• [Exercise description]:
Below are records to be repeated in full. Give them exactly.

• [Data]:
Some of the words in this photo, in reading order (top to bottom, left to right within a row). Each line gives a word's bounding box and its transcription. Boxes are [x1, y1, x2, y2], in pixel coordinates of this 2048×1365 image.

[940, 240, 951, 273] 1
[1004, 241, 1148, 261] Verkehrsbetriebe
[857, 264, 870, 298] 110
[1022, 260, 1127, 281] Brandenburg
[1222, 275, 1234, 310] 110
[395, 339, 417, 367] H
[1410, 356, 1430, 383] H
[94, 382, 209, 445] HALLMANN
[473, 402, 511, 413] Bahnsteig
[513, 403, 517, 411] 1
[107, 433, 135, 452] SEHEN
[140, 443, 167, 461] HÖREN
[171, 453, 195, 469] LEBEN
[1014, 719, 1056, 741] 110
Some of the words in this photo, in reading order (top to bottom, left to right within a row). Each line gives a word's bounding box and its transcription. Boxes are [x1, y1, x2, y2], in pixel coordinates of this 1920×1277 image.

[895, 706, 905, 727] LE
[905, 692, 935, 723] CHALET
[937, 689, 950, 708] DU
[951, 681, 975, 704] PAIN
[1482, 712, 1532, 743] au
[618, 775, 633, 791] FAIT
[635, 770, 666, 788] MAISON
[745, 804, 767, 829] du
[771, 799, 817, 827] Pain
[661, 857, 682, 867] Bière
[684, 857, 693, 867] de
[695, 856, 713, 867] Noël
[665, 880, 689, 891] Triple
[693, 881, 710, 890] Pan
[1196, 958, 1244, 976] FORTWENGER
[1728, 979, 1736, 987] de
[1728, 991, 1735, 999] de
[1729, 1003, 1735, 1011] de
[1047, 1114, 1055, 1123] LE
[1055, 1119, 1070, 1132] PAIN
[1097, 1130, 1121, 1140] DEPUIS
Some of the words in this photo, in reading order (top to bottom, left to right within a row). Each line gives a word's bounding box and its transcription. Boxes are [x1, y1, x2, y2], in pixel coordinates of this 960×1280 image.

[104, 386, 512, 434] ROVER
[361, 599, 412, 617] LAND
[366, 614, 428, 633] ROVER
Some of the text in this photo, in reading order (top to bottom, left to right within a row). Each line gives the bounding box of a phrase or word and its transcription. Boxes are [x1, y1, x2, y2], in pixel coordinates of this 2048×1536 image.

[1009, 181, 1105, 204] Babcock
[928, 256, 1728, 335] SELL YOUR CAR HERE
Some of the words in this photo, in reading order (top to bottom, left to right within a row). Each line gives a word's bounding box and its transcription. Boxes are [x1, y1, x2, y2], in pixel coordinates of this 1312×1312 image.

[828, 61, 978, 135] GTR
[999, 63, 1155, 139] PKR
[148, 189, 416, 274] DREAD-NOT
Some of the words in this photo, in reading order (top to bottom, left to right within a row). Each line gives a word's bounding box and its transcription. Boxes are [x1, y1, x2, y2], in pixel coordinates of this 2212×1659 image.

• [Final answer]:
Some of the words in this photo, in reading order (top to bottom, left to right within a row). Each line gives a word's bounding box and its transcription. Boxes are [x1, y1, x2, y2], in pixel coordinates of this 2048×1365 image.

[940, 240, 951, 273] 1
[1004, 241, 1148, 261] Verkehrsbetriebe
[857, 264, 870, 298] 110
[1022, 260, 1127, 281] Brandenburg
[1222, 275, 1234, 310] 110
[395, 339, 417, 367] H
[1410, 356, 1430, 383] H
[94, 382, 209, 445] HALLMANN
[473, 402, 511, 413] Bahnsteig
[513, 403, 517, 411] 1
[107, 433, 135, 452] SEHEN
[140, 443, 167, 461] HÖREN
[171, 453, 195, 469] LEBEN
[1014, 719, 1056, 741] 110
Some of the words in this photo, in reading order (top to bottom, left to right within a row). Each line gives a word's bounding box and its transcription. Boxes are [x1, y1, x2, y2], in pixel coordinates of this 1920×1277 image.

[895, 706, 905, 727] LE
[905, 692, 935, 723] CHALET
[937, 689, 950, 708] DU
[951, 681, 975, 704] PAIN
[1482, 712, 1532, 743] au
[618, 775, 633, 791] FAIT
[635, 770, 666, 788] MAISON
[745, 804, 767, 829] du
[771, 799, 817, 827] Pain
[661, 857, 682, 867] Bière
[684, 857, 693, 867] de
[695, 856, 713, 867] Noël
[665, 880, 689, 891] Triple
[693, 881, 710, 890] Pan
[1196, 958, 1244, 976] FORTWENGER
[1728, 979, 1736, 987] de
[1728, 991, 1735, 999] de
[1729, 1003, 1735, 1011] de
[1047, 1114, 1055, 1123] LE
[1055, 1119, 1070, 1132] PAIN
[1097, 1130, 1121, 1140] DEPUIS
Some of the words in this photo, in reading order (top to bottom, left to right within a row). Each line gives a word's bounding box and its transcription. Boxes are [x1, y1, x2, y2], in pixel coordinates of this 960×1280 image.

[104, 386, 512, 434] ROVER
[361, 599, 412, 617] LAND
[366, 614, 428, 633] ROVER
Some of the text in this photo, in reading order (top to bottom, left to right within a row). Each line gives the bounding box of a phrase or word and its transcription. Boxes are [x1, y1, x2, y2], in pixel coordinates of this 2048×1536 image.

[1009, 181, 1105, 204] Babcock
[928, 256, 1728, 335] SELL YOUR CAR HERE
Some of the words in this photo, in reading order (top to bottom, left to right within a row). Each line gives a word's bounding box and its transcription. Boxes are [x1, y1, x2, y2], in pixel coordinates of this 1312×1312 image.

[828, 61, 978, 135] GTR
[999, 63, 1155, 139] PKR
[148, 189, 416, 274] DREAD-NOT
Some of the words in this photo, in reading order (top to bottom, left to right within a row). Each line gives a word's bounding box and its transcription. Boxes are [x1, y1, x2, y2], in pixel coordinates of this 2212×1659 image.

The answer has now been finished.